There’s a lot of improvising with the finger clip pulse oximetry when it’s difficult to get a good reading. Changing fingers is the obvious thing. Putting it on the ear lobe or auricle is often used. And although it looks silly, the nose can be a good place for the clip. Buccal readings, placing the clip in the lateral angle of the mouth opening, also works. Here’s one I hadn’t seen: MacGyvering a paediatric pulse ox taped to a pharyngeal airway.
The idea to tape a soft tape pulse ox to a pharygeal airway seems to come from case reports and a study taping pulse ox to LMAs.
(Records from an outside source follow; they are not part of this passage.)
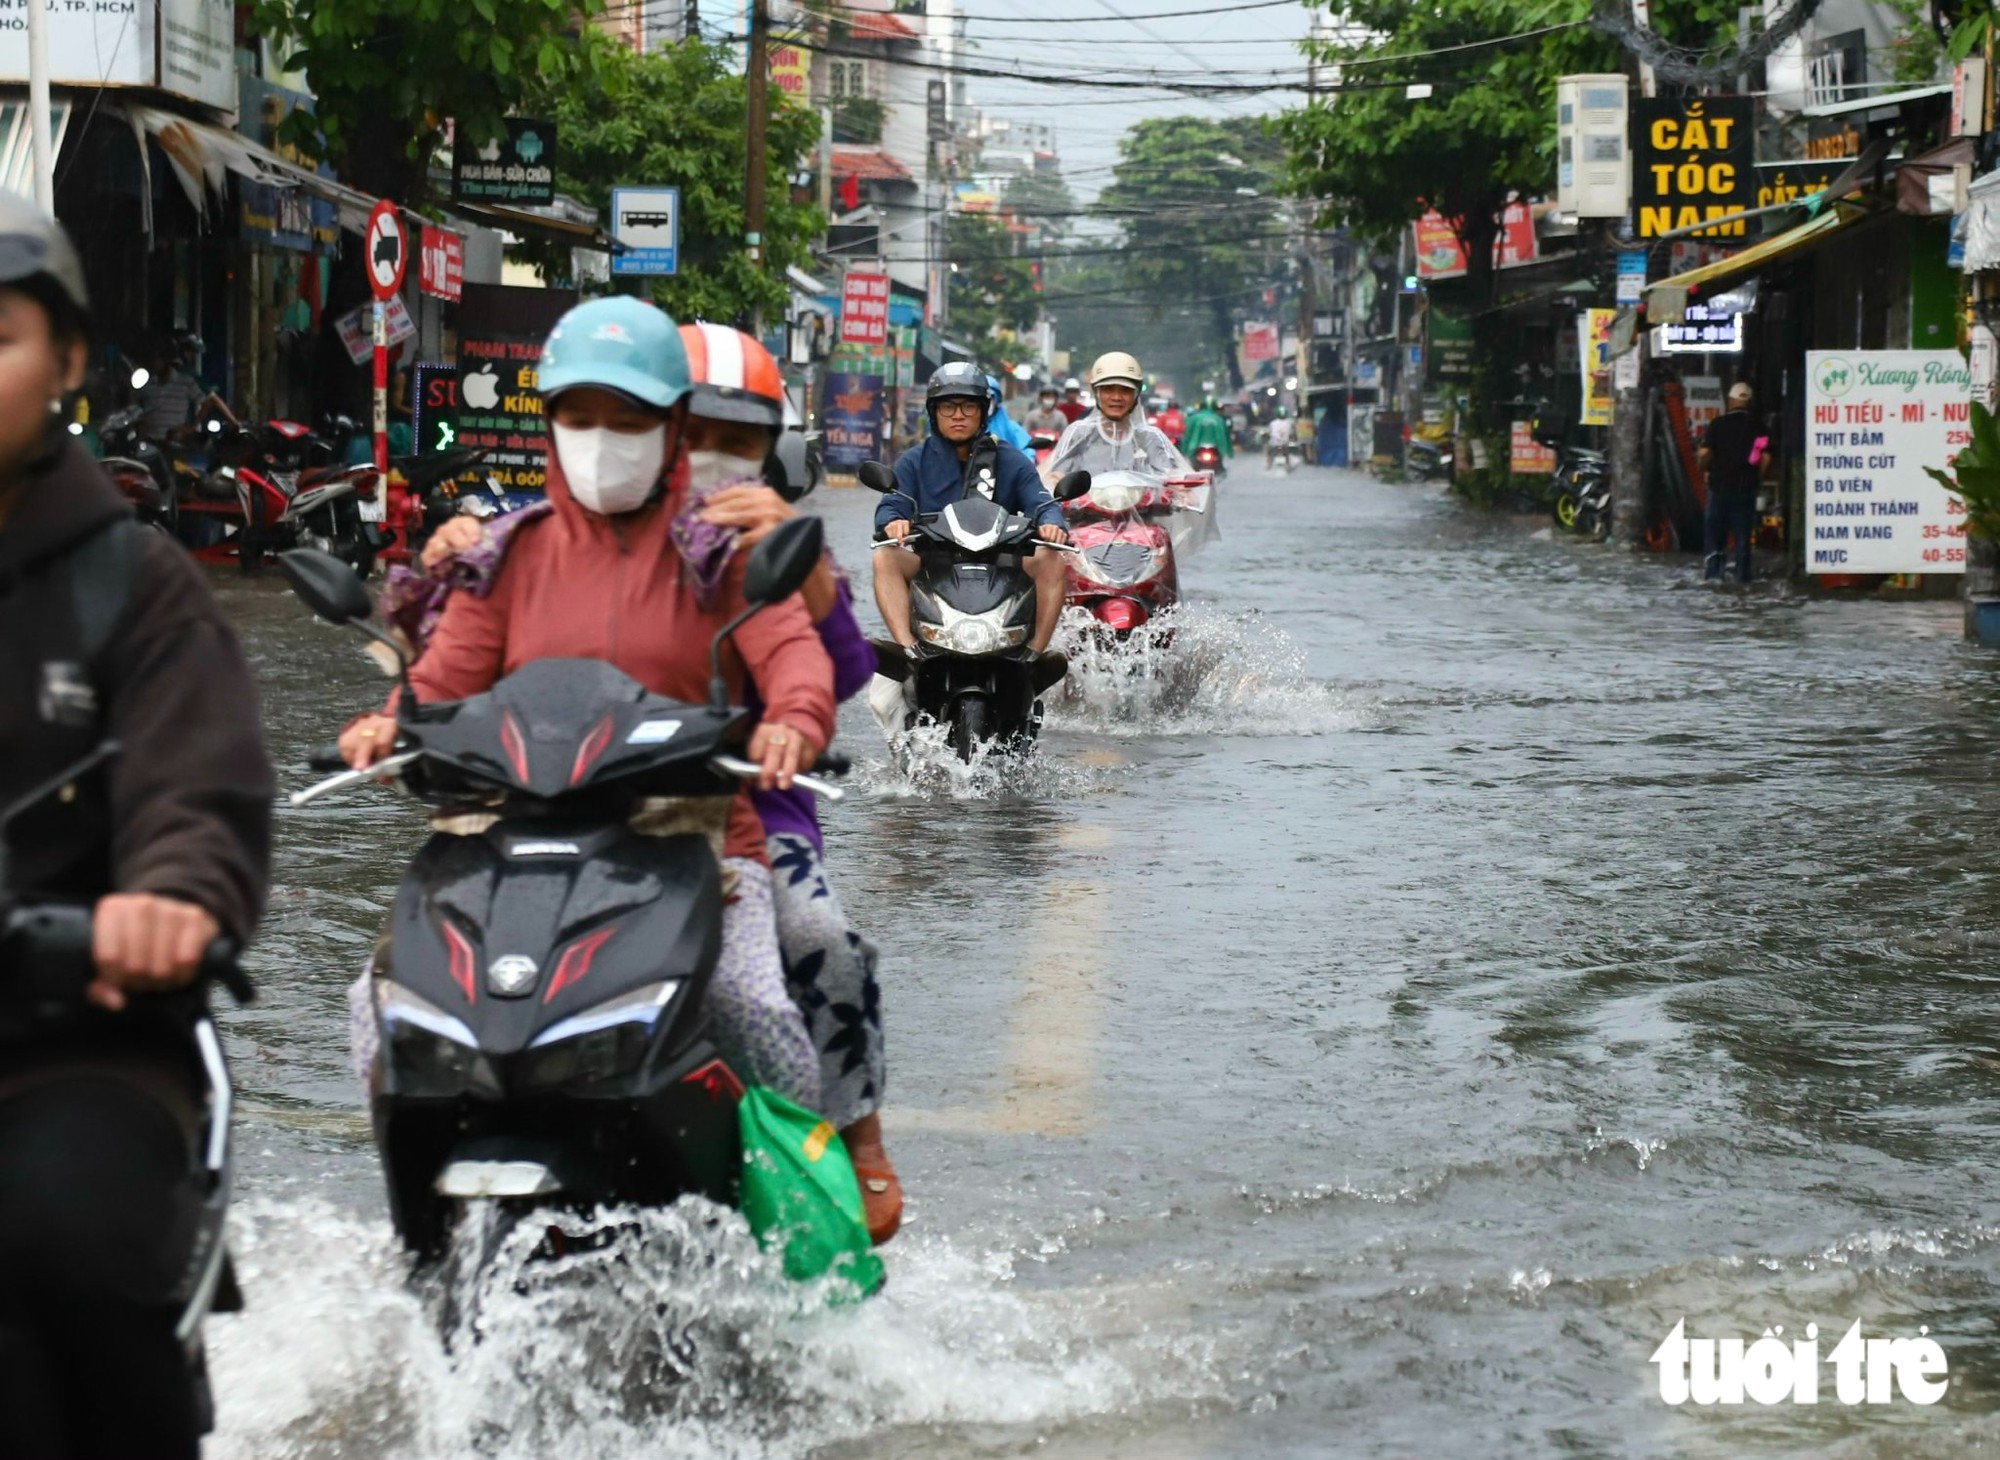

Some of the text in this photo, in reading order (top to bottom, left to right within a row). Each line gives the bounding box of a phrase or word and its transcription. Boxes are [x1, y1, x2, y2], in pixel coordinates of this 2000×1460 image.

[96, 2, 135, 13] HCM
[1652, 102, 1734, 150] CẮT
[1651, 154, 1735, 195] TÓC
[1640, 206, 1745, 237] NAM
[643, 262, 668, 272] STOP
[1858, 362, 1919, 393] Xương
[1845, 398, 1883, 423] TIẾU
[1815, 432, 1845, 449] THỊT
[1840, 477, 1873, 493] VIÊN
[1946, 502, 1968, 515] 35
[1815, 526, 1849, 540] NAM
[1855, 526, 1893, 540] VANG
[1815, 549, 1967, 567] MỰC 40-55
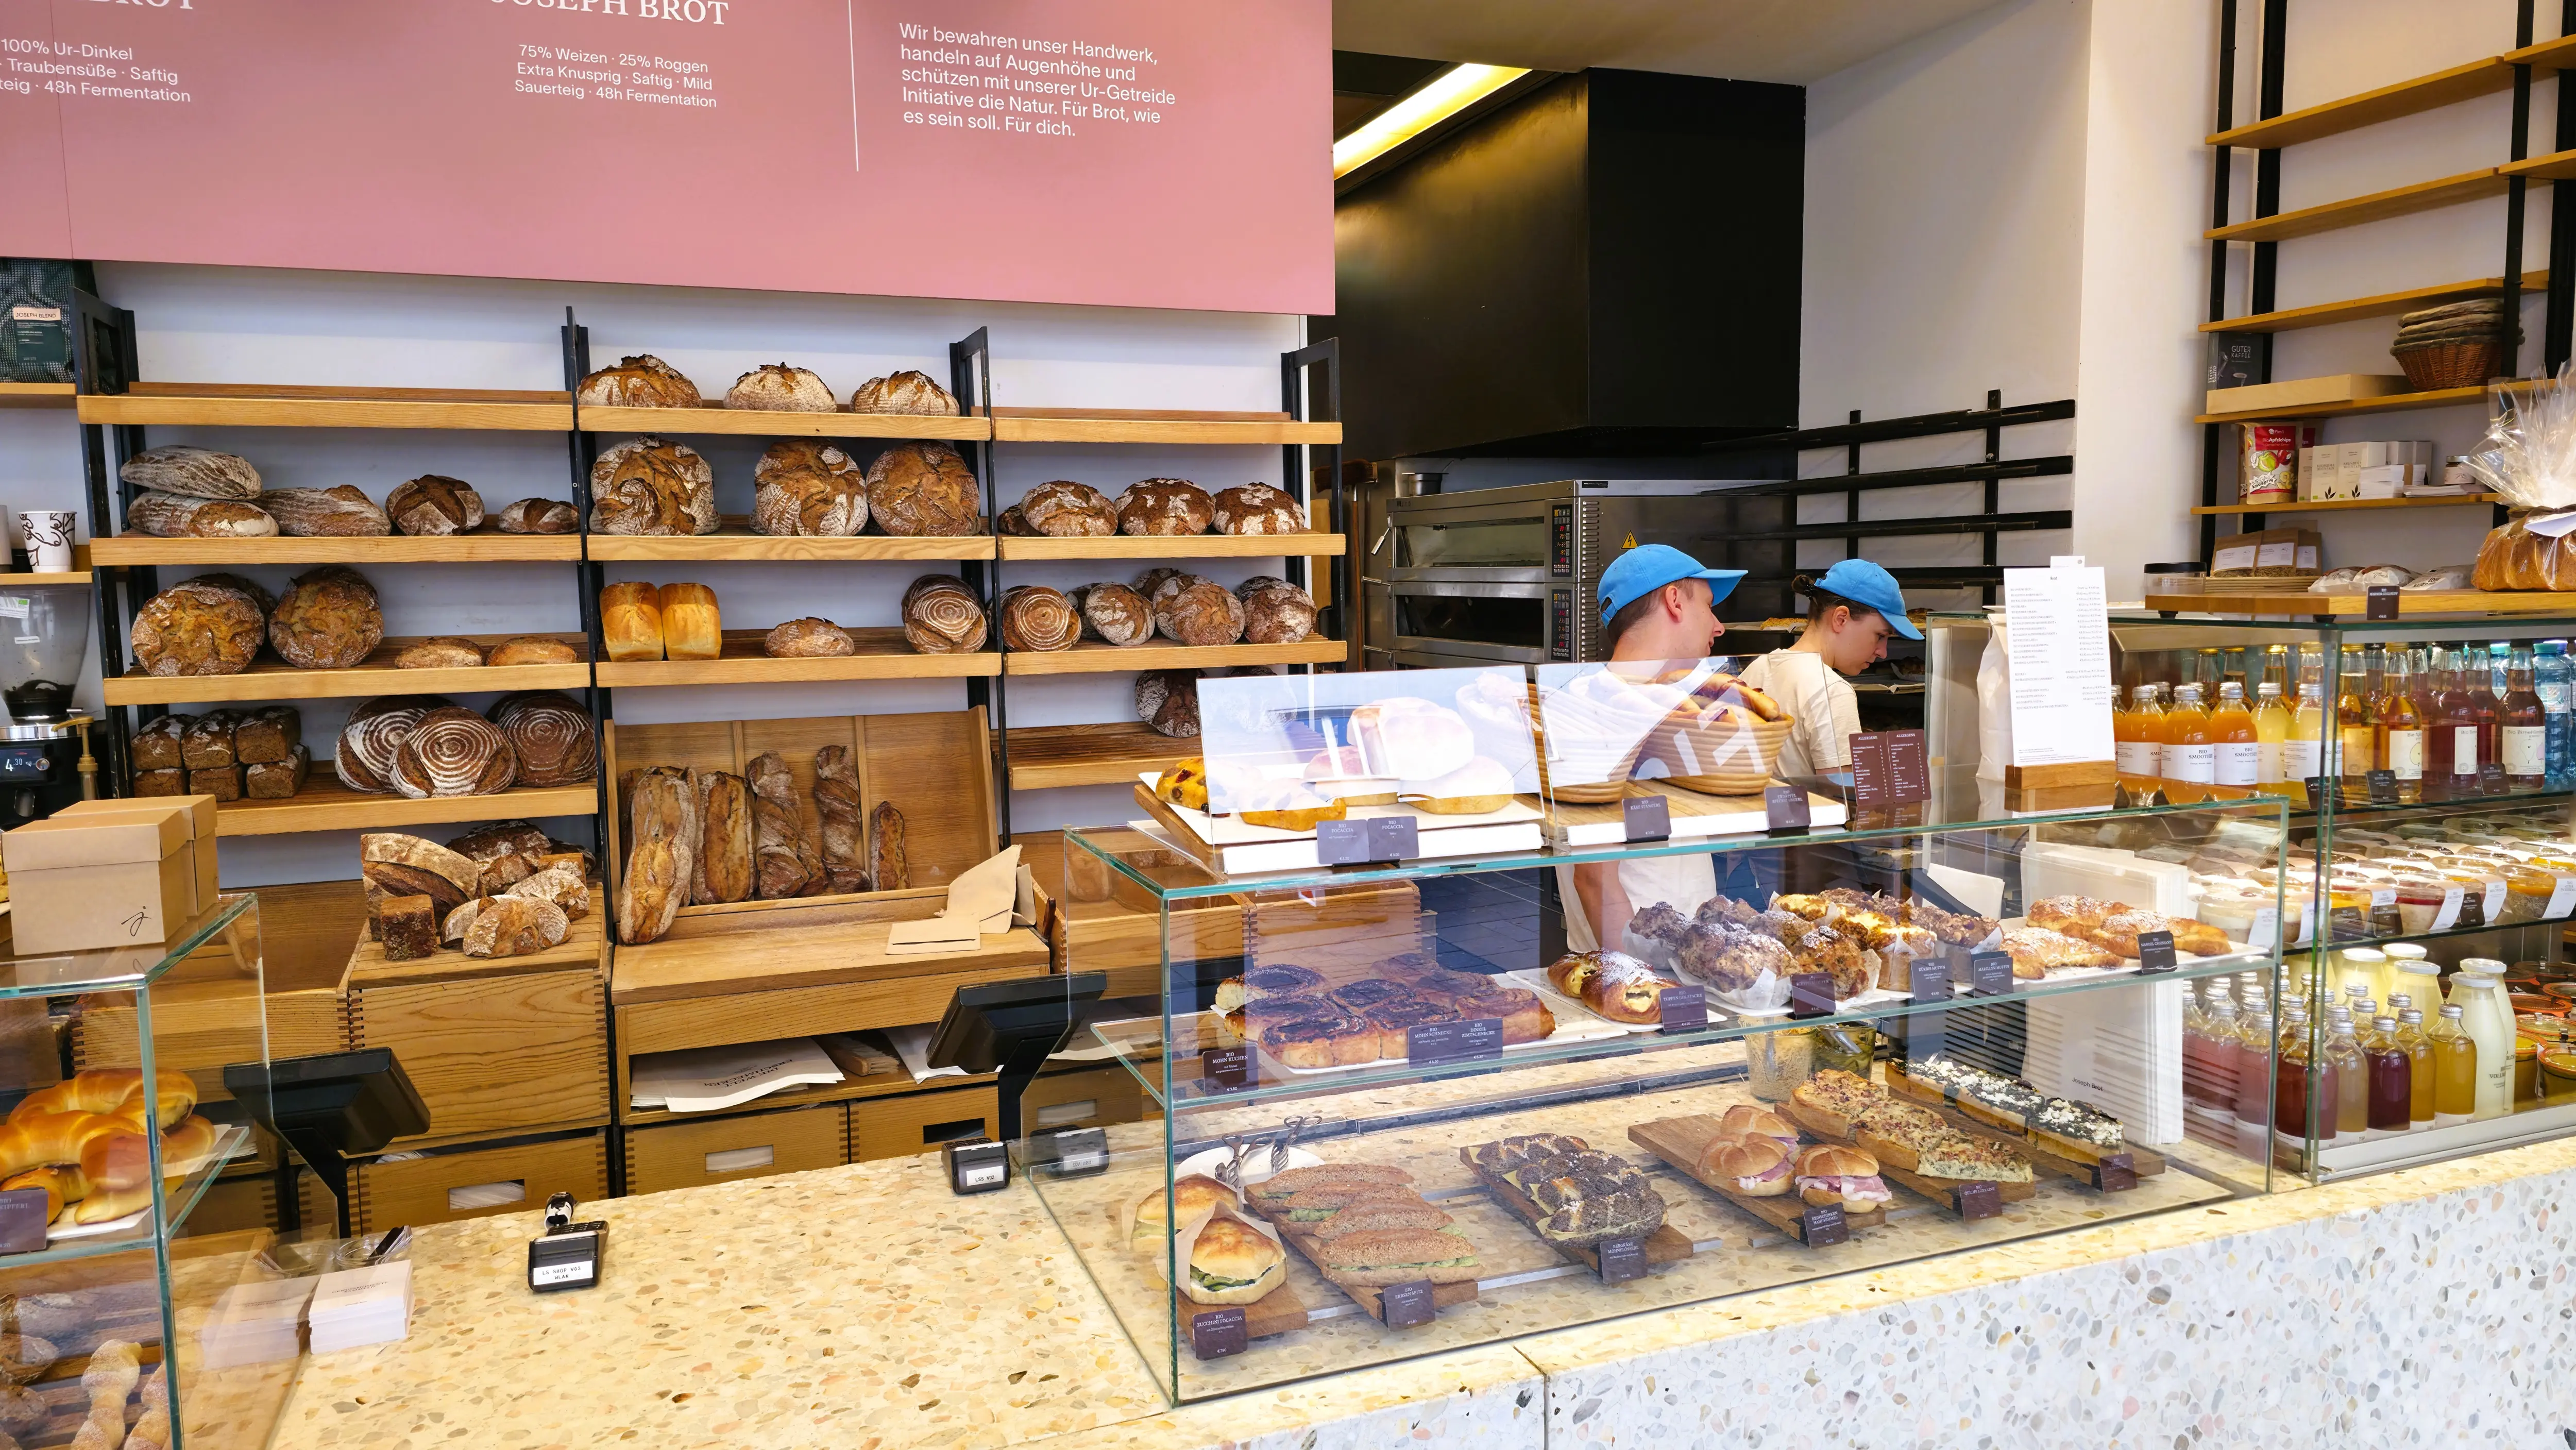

I’m not sure if these tricks measures pharyngeal or soft palate oxygenation, but both areas should be well perfused. I would think the pulse ox probe could also be places on the opposite side, to measure tongue oxygenation.
The case reports are interesting, as they get pulse trace and a saturation reading that compares well to the measured arterial saturation in patients where standard pulse oximetry didn’t give any reliable readings. Something to think about for monitoring severely shocked patients or patients with low output states.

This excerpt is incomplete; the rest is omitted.